= Trusted Information Security Assessment Exchange =

IT Topic

Trusted Information Security Assessment Exchange (TISAX) is an assessment and exchange mechanism for the information security of enterprises, developed by the ENX Association and published by the Verband der Automobilindustrie (German Association of the Automotive Industry or VDA). TISAX concerns the secure processing of information from business partners, the protection of prototypes and data protection in accordance with the General Data Protection Regulation (GDPR) for potential business transactions between automobile manufacturers and their service providers or suppliers. The VDA established TISAX in 2017 together with the ENX Association.

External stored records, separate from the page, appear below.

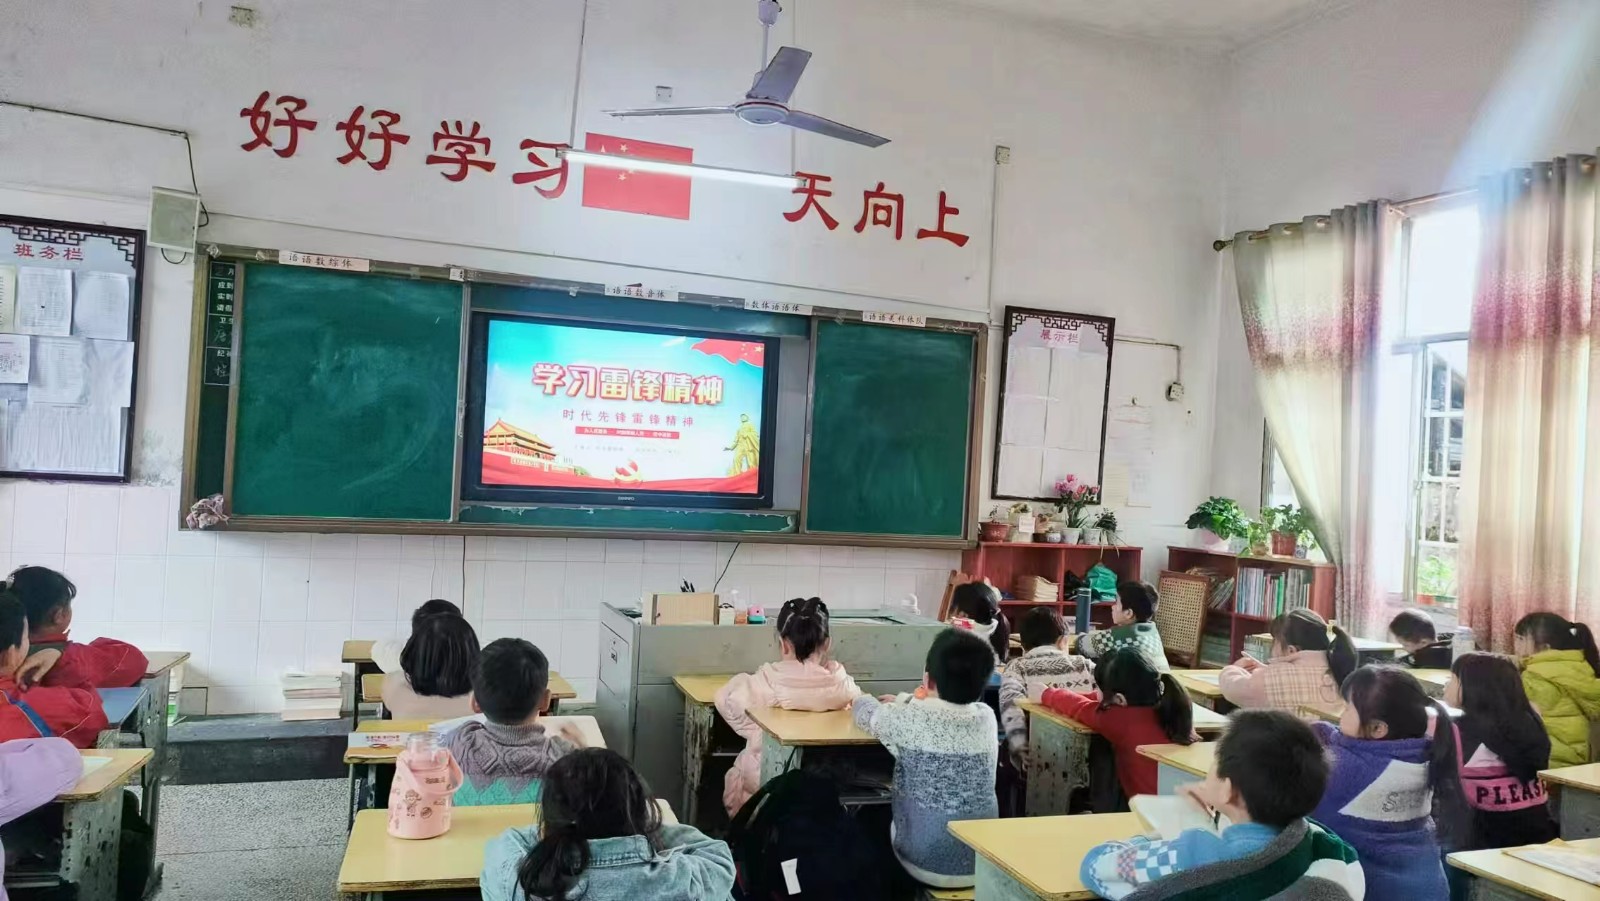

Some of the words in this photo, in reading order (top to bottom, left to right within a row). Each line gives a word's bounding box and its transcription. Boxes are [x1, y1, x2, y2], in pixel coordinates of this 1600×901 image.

[240, 90, 569, 199] 好好学习
[783, 171, 970, 247] 天向上
[14, 243, 84, 261] 班务栏
[1040, 329, 1079, 344] 展示栏
[532, 362, 724, 406] 学习雷锋精神
[562, 408, 694, 428] 时代先锋雷锋精神
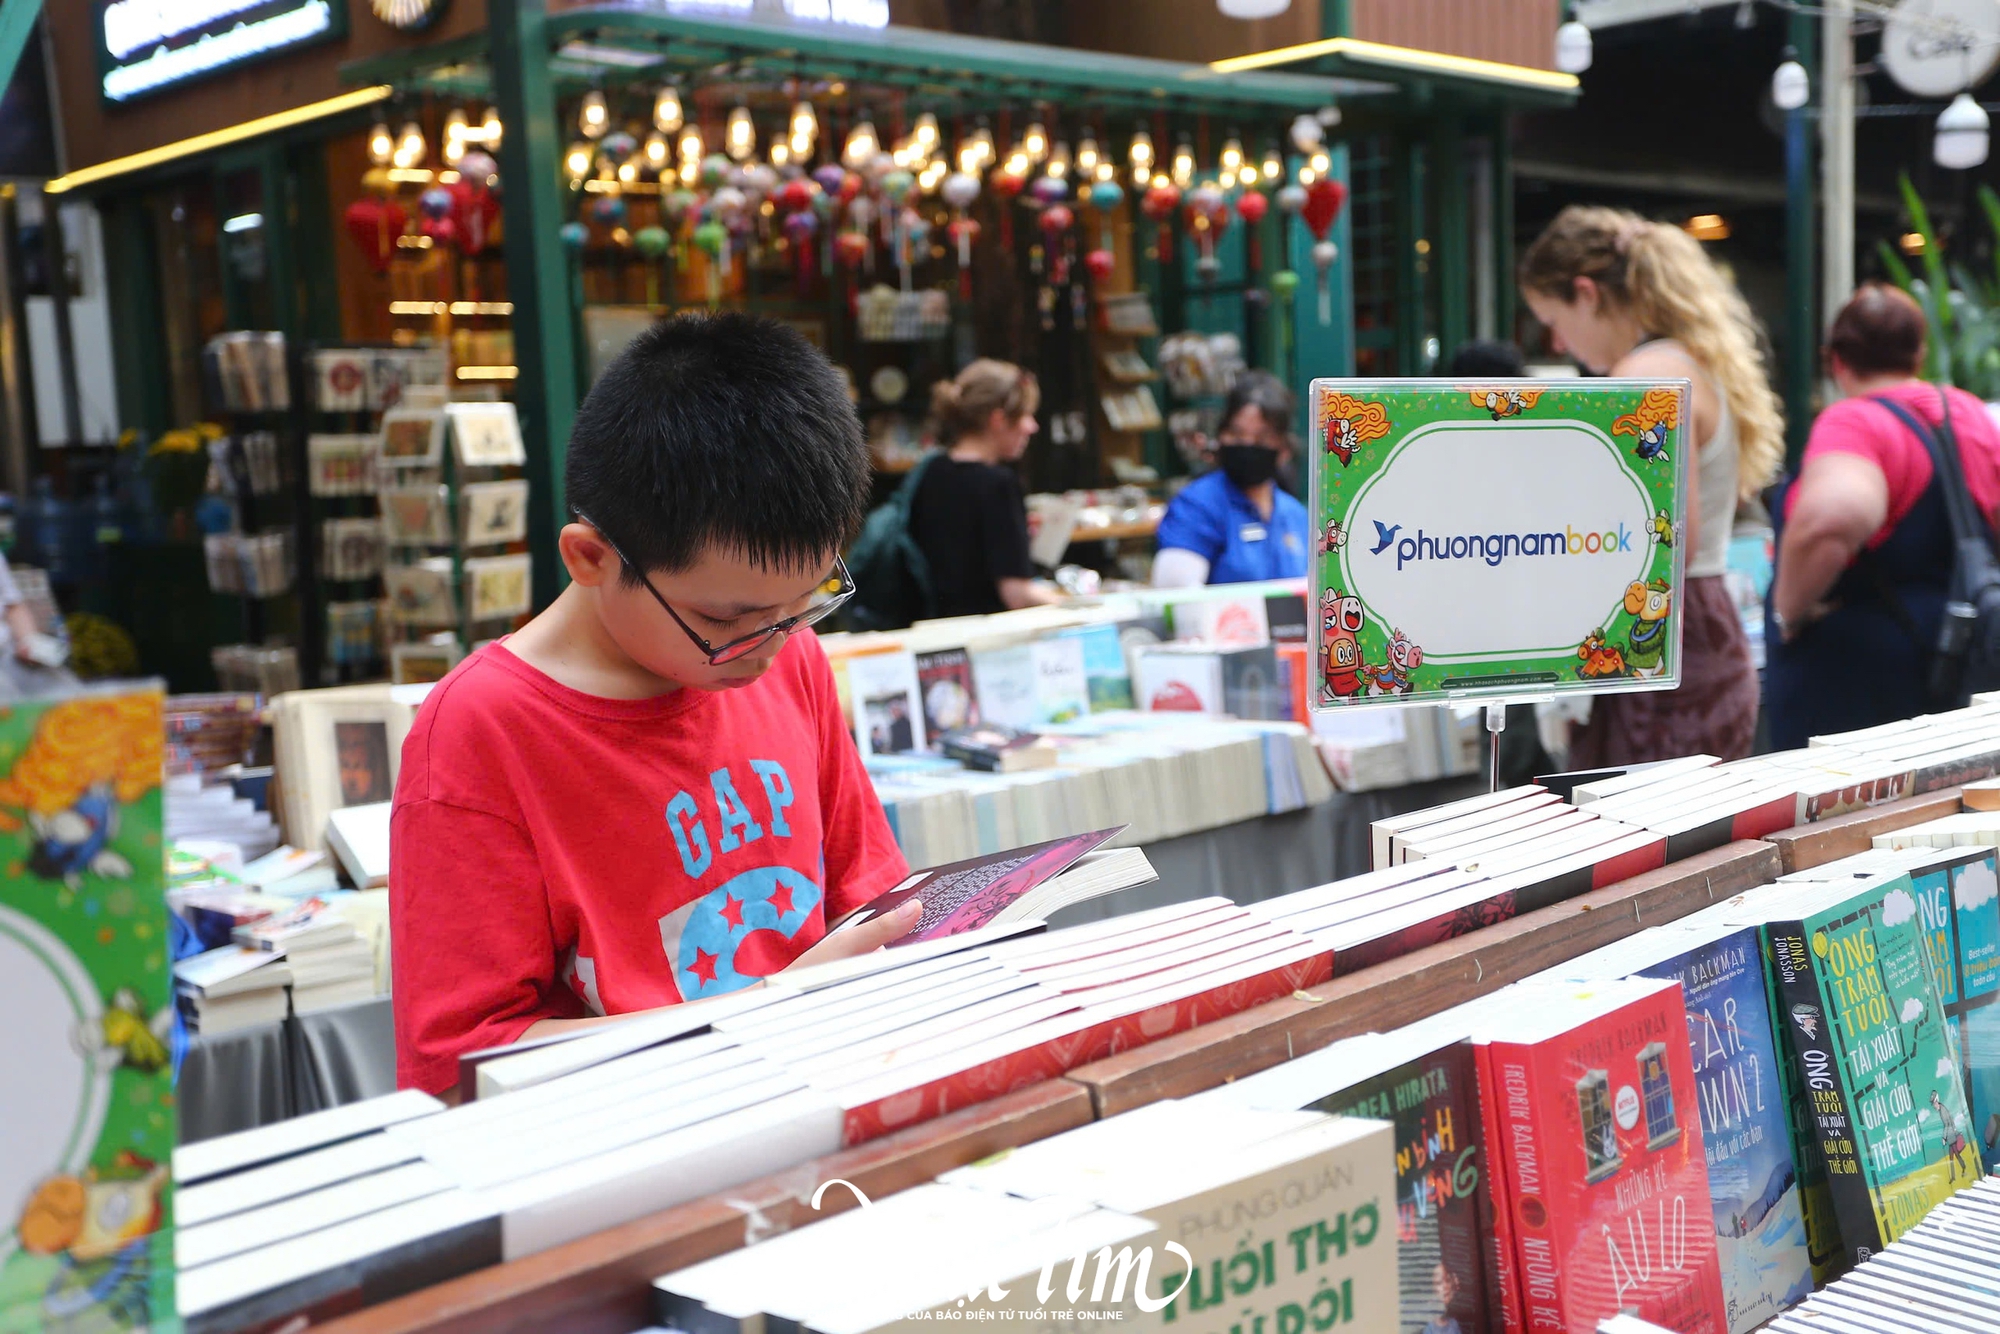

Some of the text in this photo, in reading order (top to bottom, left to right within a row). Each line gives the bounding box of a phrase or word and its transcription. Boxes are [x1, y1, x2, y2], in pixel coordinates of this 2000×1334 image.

Tests according to TISAX, especially for service providers and suppliers, are carried out by "TISAX test service providers". The ENX Association acts as a governance organization in the system. It approves the testing service providers and monitors the quality of the execution and the assessment results. This is to ensure that both the results at the end correspond to a desired quality and objectivity, and that the rights and obligations of the participants are safeguarded. This allows a company to decide whether the resulting maturity level of the supplier (service providers and suppliers) meets the requirements of the buyer.

The testing requirements have been revised several times. In October 2020, the status 5.0 was published. Backgrounds, areas of application, execution processes and testing requirements are summarized in a manual.

GitHub is a participant in TISAX with an Assessment Level 2 (AL2) label in the ENX Portal.